*WHAT IS NEEDED*. Every record below should be printed exactly, except for the pictures.

Image-backed grounding data:
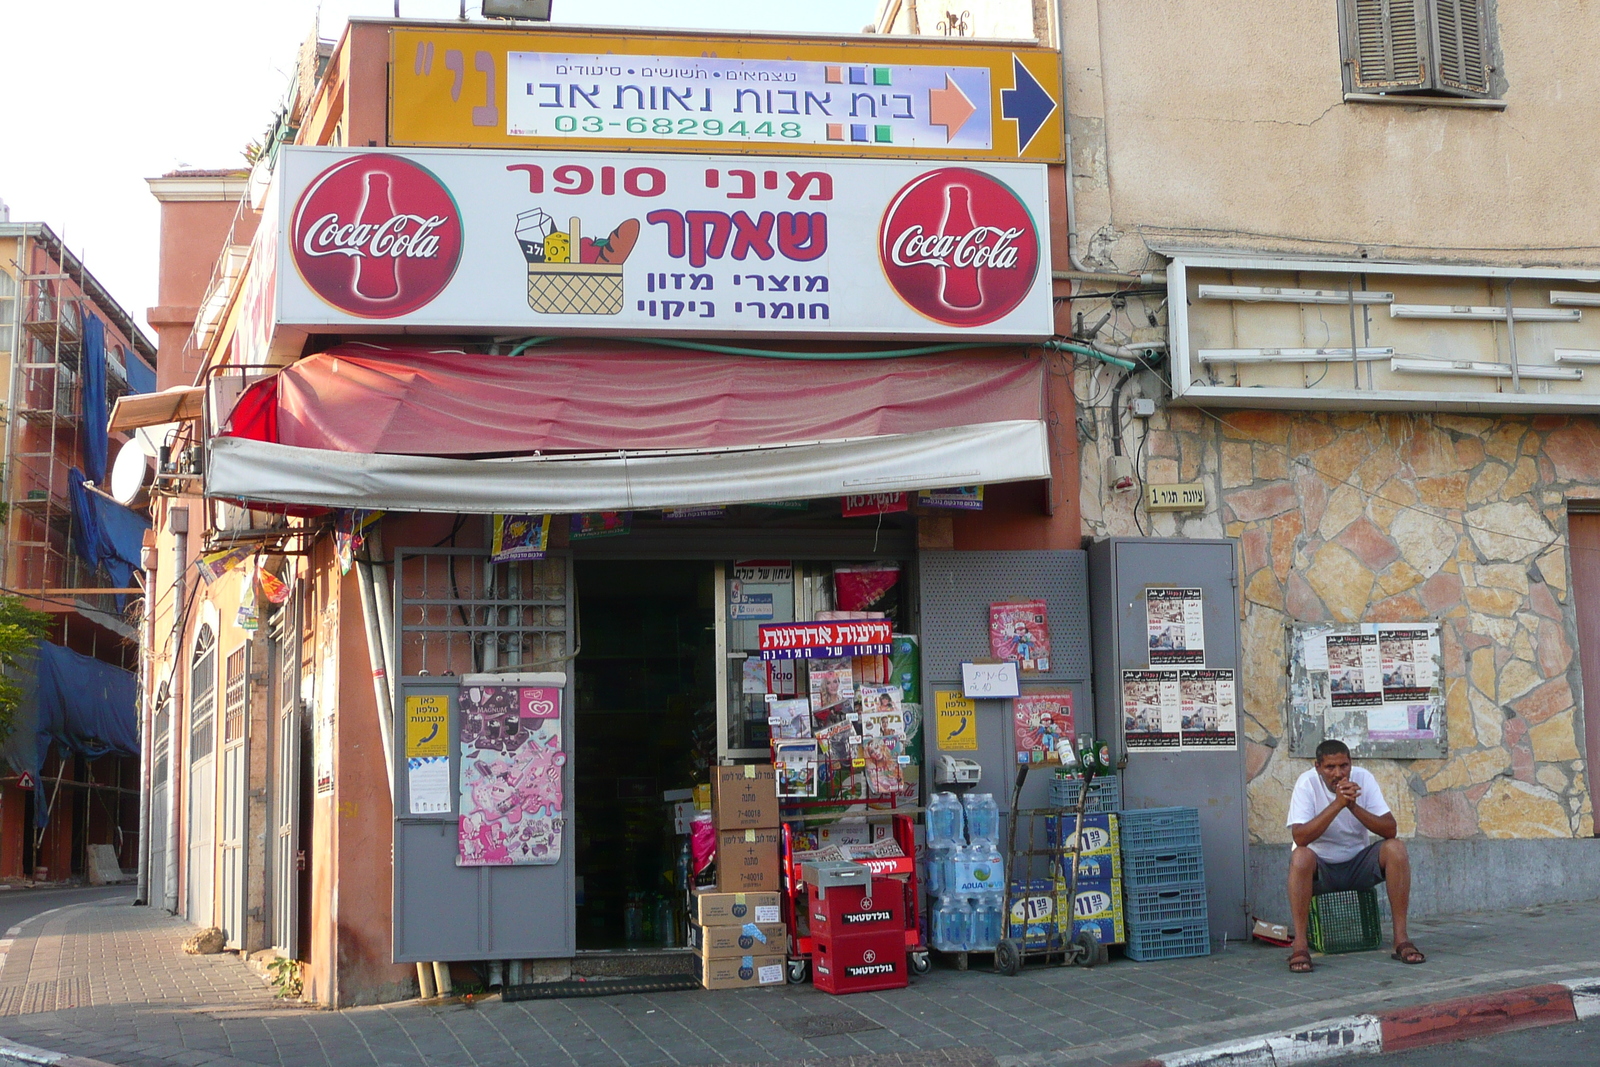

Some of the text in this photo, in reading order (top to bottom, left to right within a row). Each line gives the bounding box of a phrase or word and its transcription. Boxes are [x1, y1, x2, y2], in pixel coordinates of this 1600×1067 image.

[556, 65, 797, 82] עצמאים תשושים סיעודים
[526, 82, 915, 119] בית אבות נאות אבי
[554, 115, 802, 138] 03-6829448
[506, 163, 834, 201] מיני סופר
[303, 213, 448, 258] Coca-Cola
[646, 208, 828, 268] שאקר
[892, 224, 1025, 268] Coca-Cola
[648, 273, 829, 292] מוצרי מזון
[637, 300, 830, 320] חומרי ניקוי
[846, 494, 865, 511] כאן
[1152, 488, 1158, 504] 1
[735, 567, 791, 581] עיתון של כולם
[763, 623, 890, 647] ידיעות אחרונות
[763, 643, 891, 660] העיתון של המדינה
[420, 697, 435, 705] כאן
[946, 700, 967, 709] טלפון
[949, 692, 962, 700] כאן
[416, 705, 439, 714] טלפון
[870, 715, 902, 724] בלזר
[864, 860, 897, 873] ידיעו
[847, 911, 890, 923] גולדסטאר
[850, 963, 893, 976] גולדסטאר
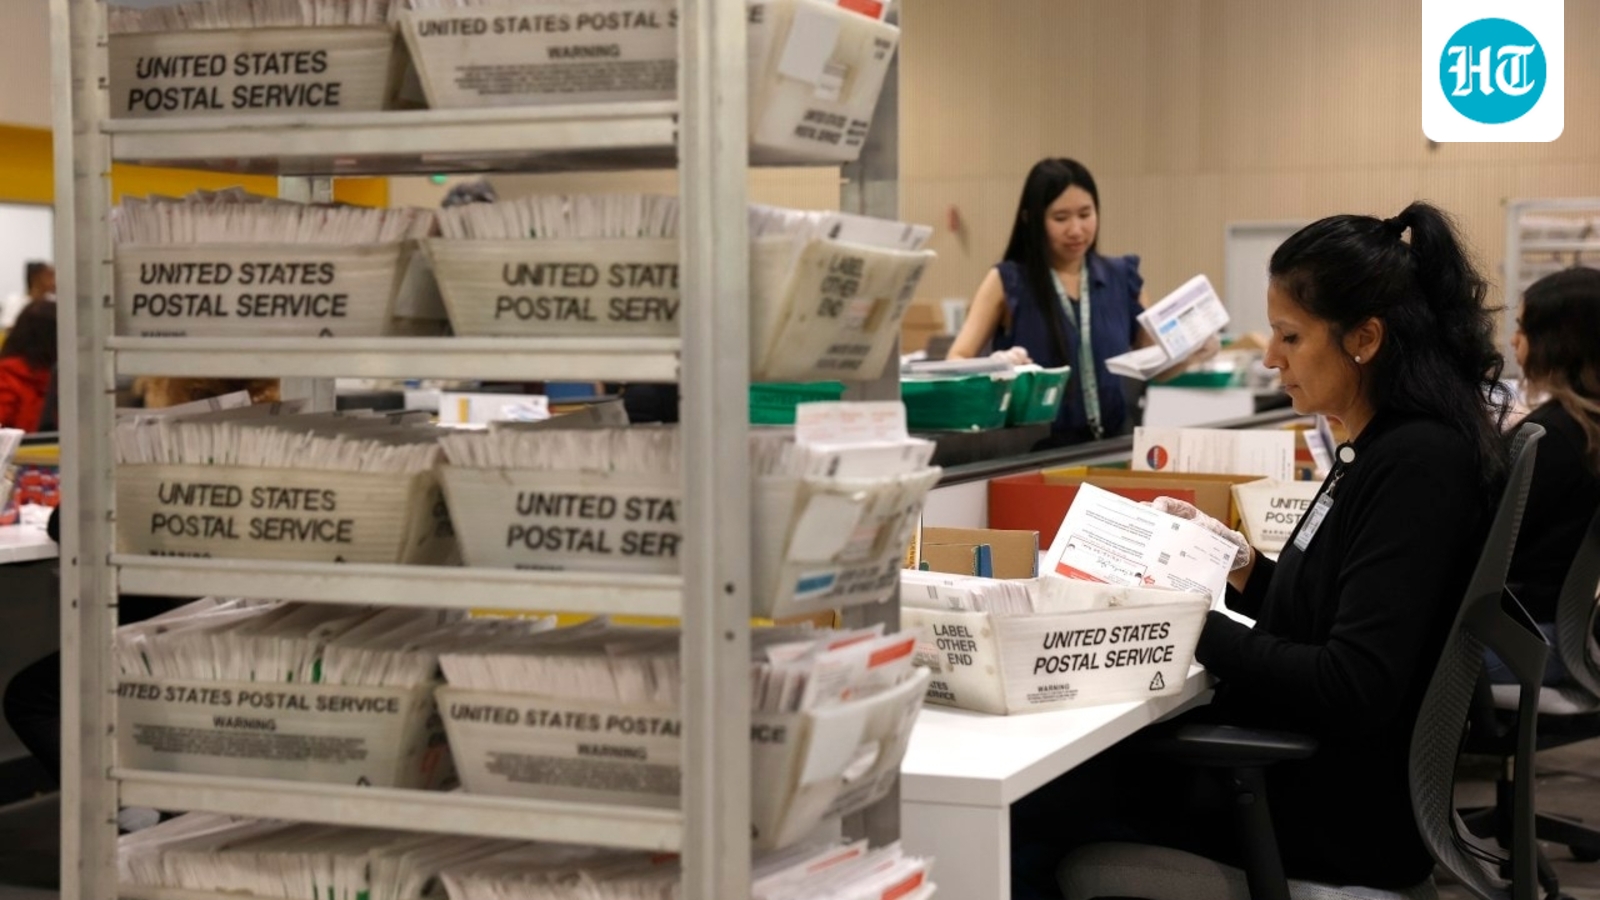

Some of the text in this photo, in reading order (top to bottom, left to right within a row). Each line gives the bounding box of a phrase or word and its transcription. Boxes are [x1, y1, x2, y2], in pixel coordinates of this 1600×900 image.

[419, 17, 487, 37] UNITED
[493, 14, 571, 34] STATES
[576, 11, 659, 31] POSTAL
[136, 50, 327, 80] UNITED STATES
[128, 82, 341, 112] POSTAL SERVICE
[140, 262, 335, 285] UNITED STATES
[502, 262, 599, 288] UNITED
[132, 294, 348, 317] POSTAL SERVICE
[495, 296, 680, 322] POSTAL SERV
[158, 482, 337, 511] UNITED STATES
[515, 492, 617, 520] UNITED
[1270, 497, 1311, 511] UNITE
[150, 513, 353, 543] POSTAL SERVICE
[1265, 511, 1303, 524] POST
[506, 525, 612, 554] POSTAL
[933, 624, 973, 638] LABEL
[1043, 622, 1171, 650] UNITED STATES
[936, 638, 978, 652] OTHER
[947, 653, 973, 666] END
[1033, 645, 1174, 675] POSTAL SERVICE
[164, 686, 232, 706] STATES
[238, 692, 309, 711] POSTAL
[316, 695, 399, 714] SERVICE
[213, 716, 277, 732] WARNING
[450, 703, 519, 725] UNITED
[525, 708, 600, 731] STATES
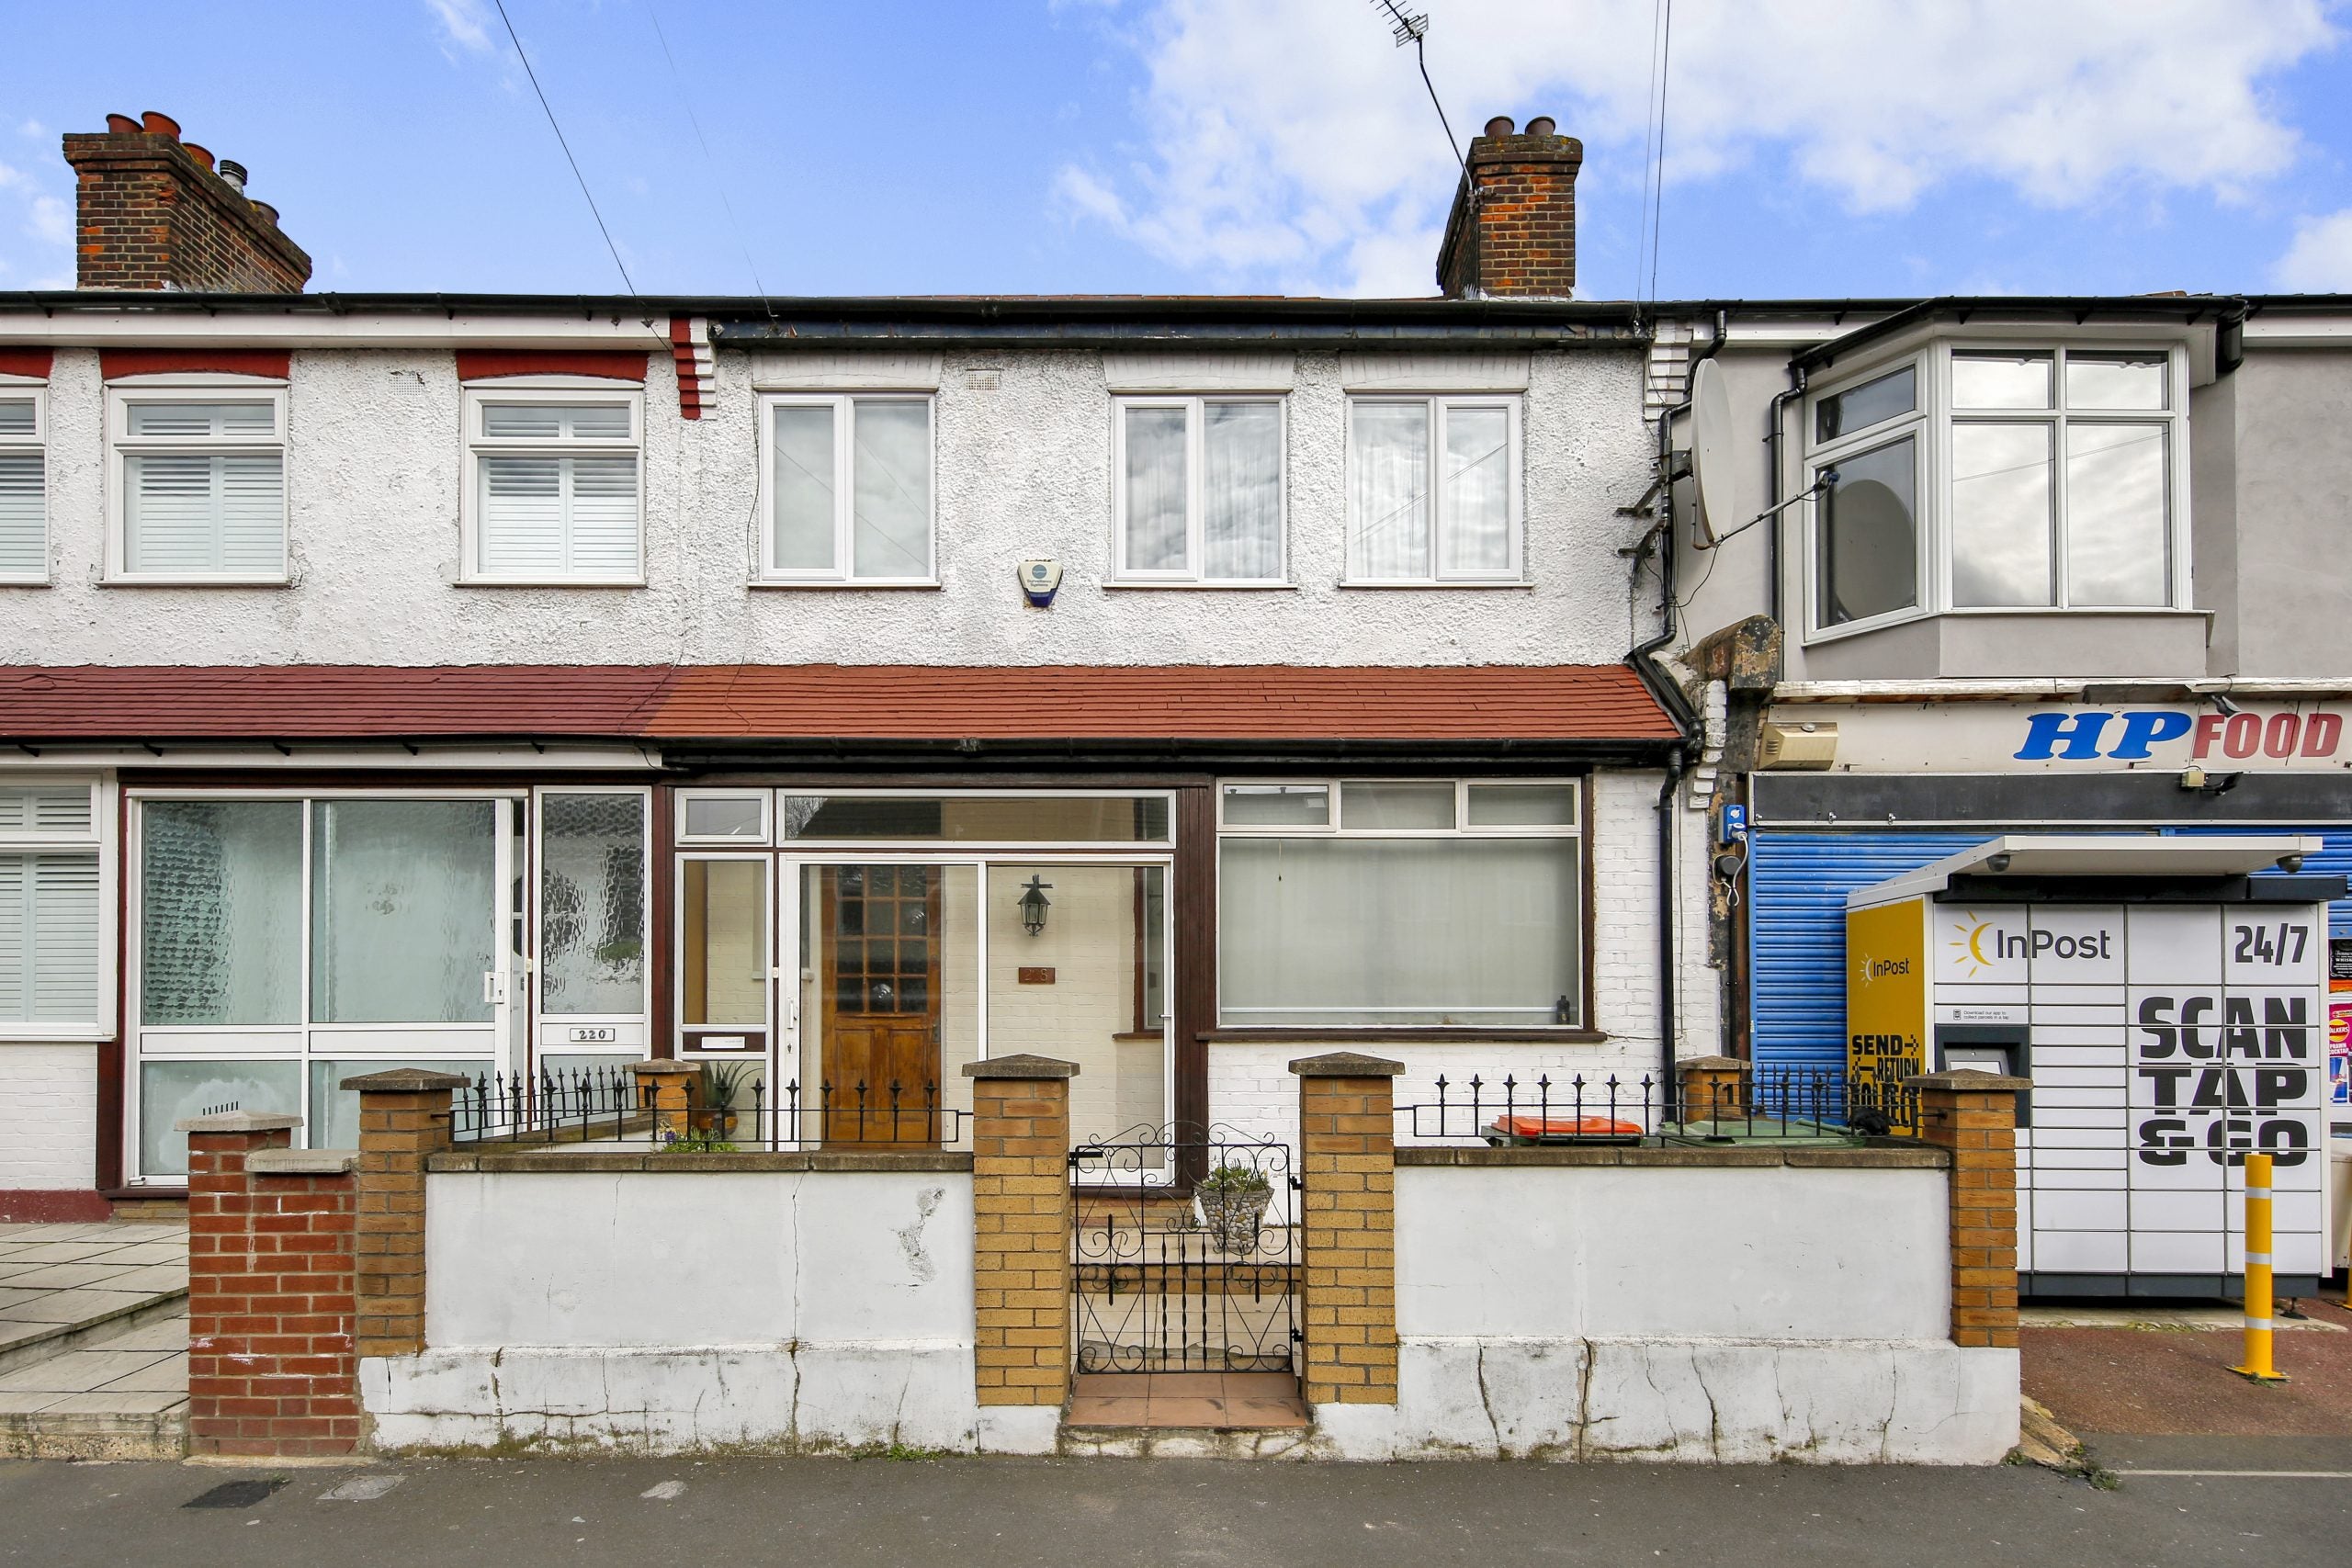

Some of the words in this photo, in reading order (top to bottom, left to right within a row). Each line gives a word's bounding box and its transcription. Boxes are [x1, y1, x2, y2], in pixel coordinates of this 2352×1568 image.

*SOLVED EXERCISE*.
Some of the text in this photo, in reading order (top to bottom, left to right within a row). Each line gives the bounding box of a phrase or word and its transcription. Boxes are [x1, y1, x2, y2], in pixel coordinates of this 1600×1067 image.

[556, 65, 797, 82] עצמאים תשושים סיעודים
[526, 82, 915, 119] בית אבות נאות אבי
[554, 115, 802, 138] 03-6829448
[506, 163, 834, 201] מיני סופר
[303, 213, 448, 258] Coca-Cola
[646, 208, 828, 268] שאקר
[892, 224, 1025, 268] Coca-Cola
[648, 273, 829, 292] מוצרי מזון
[637, 300, 830, 320] חומרי ניקוי
[846, 494, 865, 511] כאן
[1152, 488, 1158, 504] 1
[735, 567, 791, 581] עיתון של כולם
[763, 623, 890, 647] ידיעות אחרונות
[763, 643, 891, 660] העיתון של המדינה
[420, 697, 435, 705] כאן
[946, 700, 967, 709] טלפון
[949, 692, 962, 700] כאן
[416, 705, 439, 714] טלפון
[870, 715, 902, 724] בלזר
[864, 860, 897, 873] ידיעו
[847, 911, 890, 923] גולדסטאר
[850, 963, 893, 976] גולדסטאר

Some of the text in this photo, in reading order (top to bottom, left to right within a row). Each line gives the bounding box of a phrase or word and its transcription. Boxes are [x1, y1, x2, y2], in pixel coordinates of this 1600×900 image.

[419, 17, 487, 37] UNITED
[493, 14, 571, 34] STATES
[576, 11, 659, 31] POSTAL
[136, 50, 327, 80] UNITED STATES
[128, 82, 341, 112] POSTAL SERVICE
[140, 262, 335, 285] UNITED STATES
[502, 262, 599, 288] UNITED
[132, 294, 348, 317] POSTAL SERVICE
[495, 296, 680, 322] POSTAL SERV
[158, 482, 337, 511] UNITED STATES
[515, 492, 617, 520] UNITED
[1270, 497, 1311, 511] UNITE
[150, 513, 353, 543] POSTAL SERVICE
[1265, 511, 1303, 524] POST
[506, 525, 612, 554] POSTAL
[933, 624, 973, 638] LABEL
[1043, 622, 1171, 650] UNITED STATES
[936, 638, 978, 652] OTHER
[947, 653, 973, 666] END
[1033, 645, 1174, 675] POSTAL SERVICE
[164, 686, 232, 706] STATES
[238, 692, 309, 711] POSTAL
[316, 695, 399, 714] SERVICE
[213, 716, 277, 732] WARNING
[450, 703, 519, 725] UNITED
[525, 708, 600, 731] STATES

Some of the words in this photo, in reading order (top to bottom, left to right within a row). Each line gives a word's bounding box and its transcription. Boxes are [x1, y1, x2, y2], in pixel coordinates of this 2352×1568 image.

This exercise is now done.